After reading that book, I contemplated how our educational system views children and reading.  I called a local private school that helps children specifically with reading difficulties.  It was interesting to learn that they don't use any of the assessments mentioned in the books.  The director I spoke with explained that those tests are all for statistical purposes.  As I thought about it more, I realized that our educational system has turned kids into statistics--in more ways than one.

State standardized tests turn kids into group statistics.  But, reading assessments also do this in their own way.  It is as if a child's difficulty with processing alphabetic symbols in particular sequences can be given a number or group of identifying symbols will tell everyone exactly what's wrong and how to fix it.  The problem with approaching reading this way is that every child is unique.  God made them that way.  There are commonalities in their difficulties, but I suspect that no two children are exactly alike.  But, even if they were, should we treat them that way?  Probably not.  Their personalities are different as well as how their brains work.  So, what can we do instead?

I read a book a few years back that theorized that rather than diagnosing kids, we need to identify their weaknesses and help them learn to cope--to focus in on teaching them the skills they needed.  That book was in regard to mental illness.  But, I think the same might be said of helping a child learn to read.  As I read two different books about dyslexia, I realized that dyslexia covers a wide range of processing disorders.  I even spoke to a dyslexia tutor and she told me that there was no standard program for all of the students the agency she worked for used.  Every tutoring regimen was different based on the needs and struggles of the individual student.

So, where to then?  I realized after I began writing this that my introduction to auditory and visual processing disorders actually came from Melinda Boring's book Heads Up Helping.  I love this book.  I'd highly recommend it to anyone who's child lives with ADD, ADHD, or who struggles with focusing.  Her book taught me that a parent can be the best teacher of a child.  I had thought special education teachers were the best ones to do that.  I'd been indoctrinated by my grad school and public schools about this.  I'd also never known anyone personally who homeschooled a child with a learning disability.  I learned through my conversations with Ms. Boring that you can.  My belief is that God gives us the children who needs us and who we need.  After reading that book, I realized how little I understood about visual and auditory processing disorders when I was teaching and how little I learned in master's program.  I wanted to learn more. 

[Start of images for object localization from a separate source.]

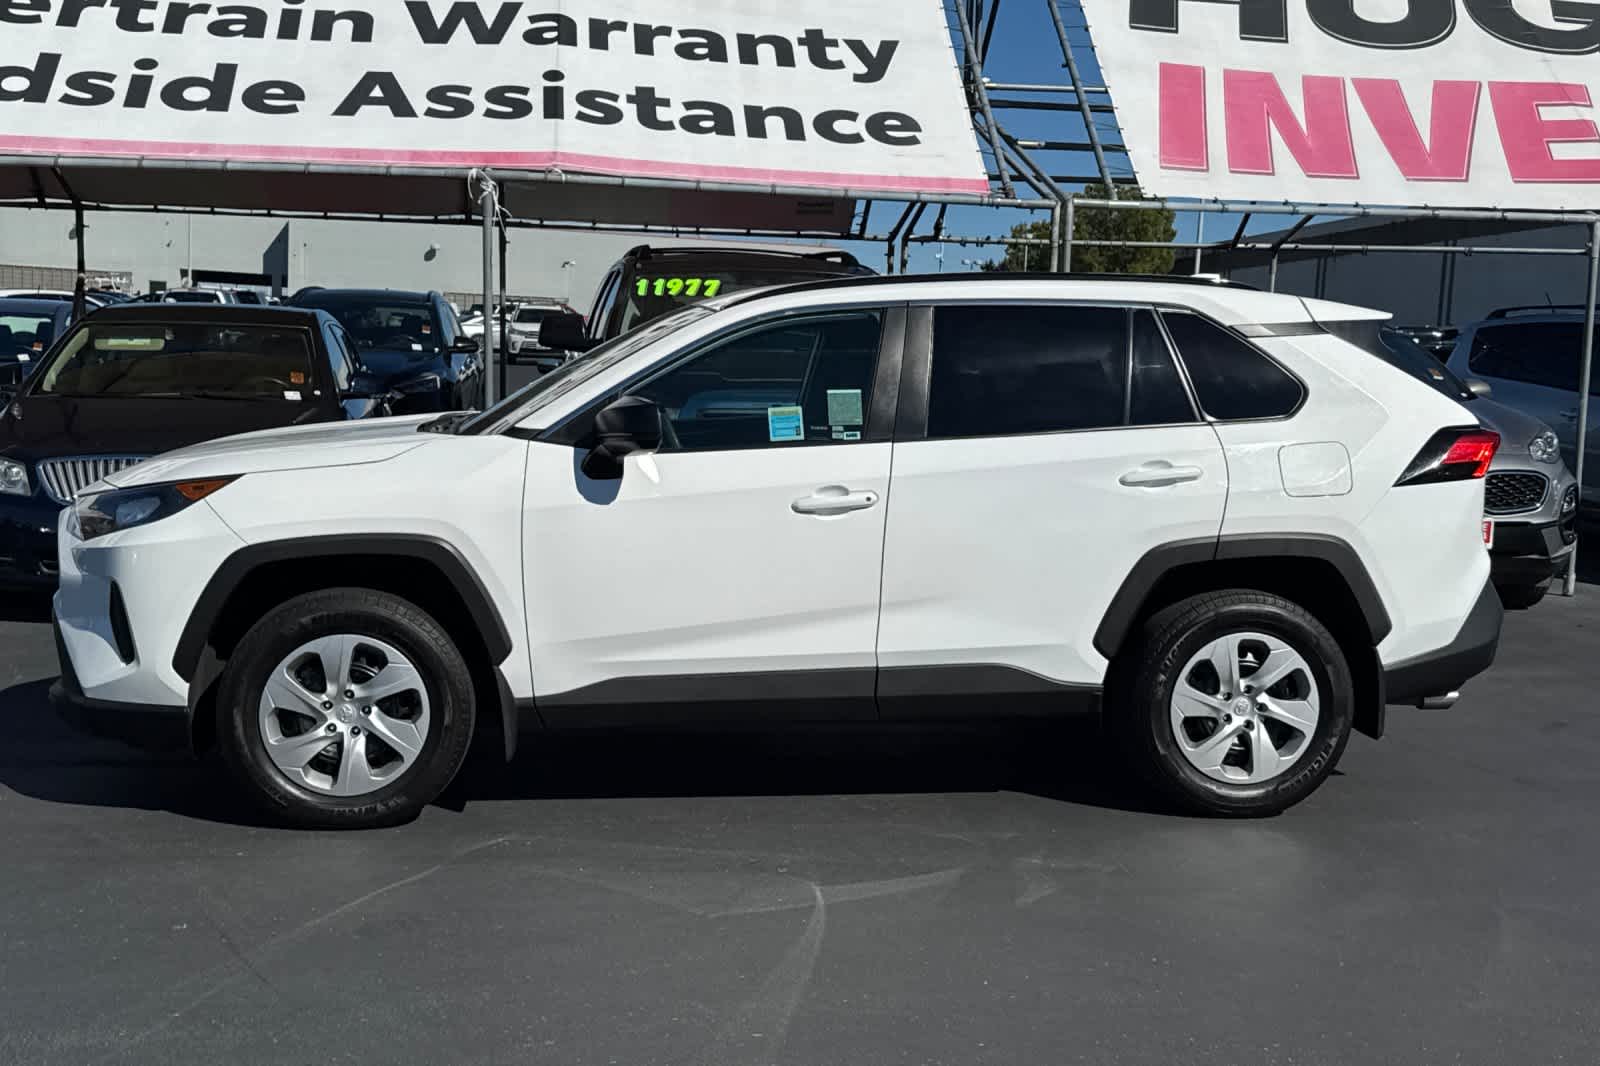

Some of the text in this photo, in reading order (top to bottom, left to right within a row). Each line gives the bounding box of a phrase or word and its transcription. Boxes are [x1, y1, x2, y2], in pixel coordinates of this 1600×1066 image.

[0, 0, 899, 84] ertrain Warranty
[0, 52, 923, 147] dside Assistance
[1158, 62, 1600, 184] INVE
[635, 277, 721, 298] 11977
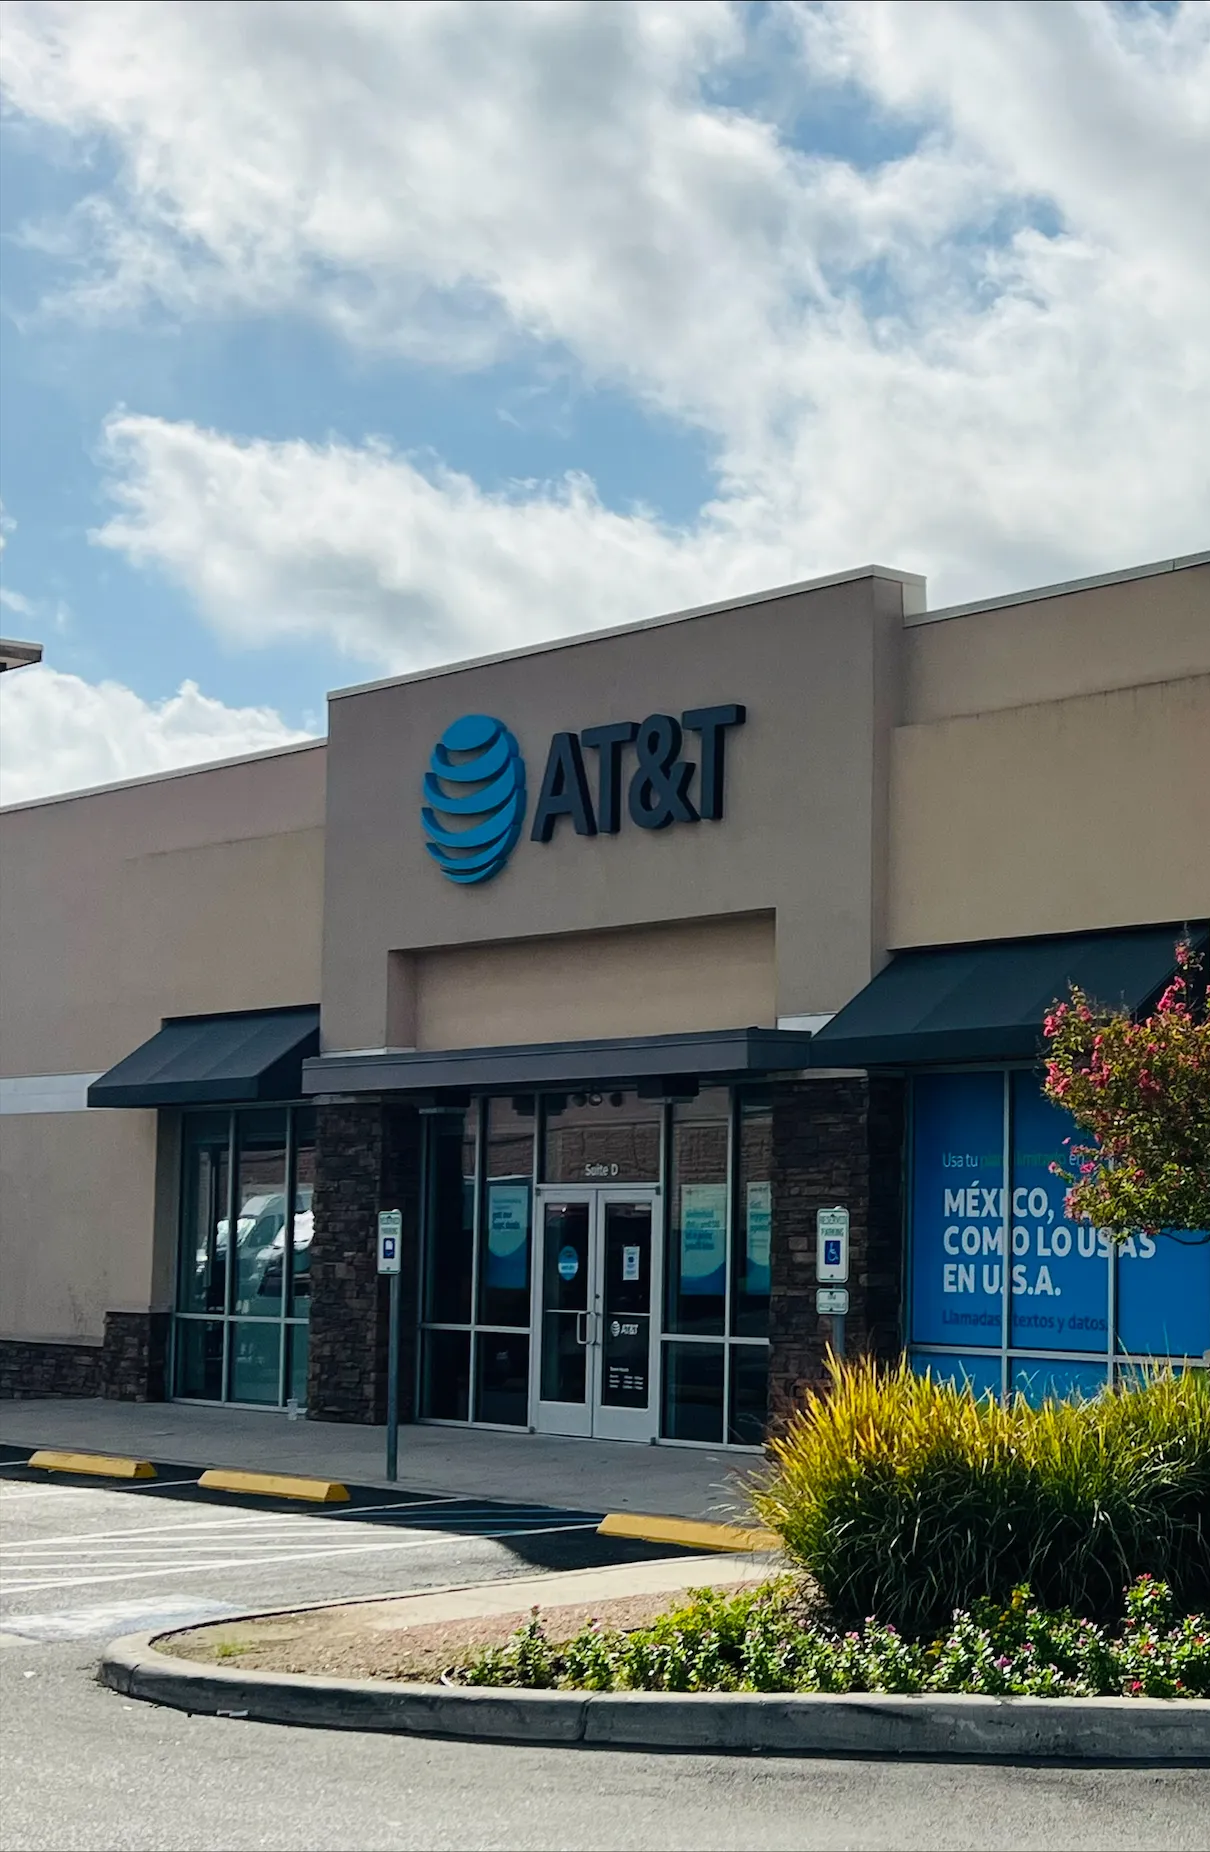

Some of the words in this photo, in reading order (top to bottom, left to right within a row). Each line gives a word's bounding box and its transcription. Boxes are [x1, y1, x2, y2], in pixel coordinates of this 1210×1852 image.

[531, 704, 746, 842] AT&T
[585, 1163, 609, 1177] Suite
[611, 1164, 619, 1177] D
[943, 1152, 964, 1168] Usa
[966, 1153, 979, 1168] tu
[944, 1180, 1055, 1225] MÉXICO,
[943, 1225, 1030, 1257] COMO
[1037, 1226, 1072, 1258] LO
[1077, 1226, 1156, 1259] USAS
[943, 1263, 975, 1294] EN
[983, 1263, 1062, 1297] U.S.A.
[1013, 1312, 1055, 1329] textos
[1058, 1317, 1066, 1334] y

I found two helpful documents online that discuss learning disabilities.
The first can be found HERE.  I like this paper because it explains learning disabilities plain and simple.  It also lists some strategies and tools to help children (or adults).  The second document HERE, focuses specifically on working memory.  I found this document when I was trying to help a friend of mine articulate where the struggles in reading and math are for her daughter.  

End of Part 1.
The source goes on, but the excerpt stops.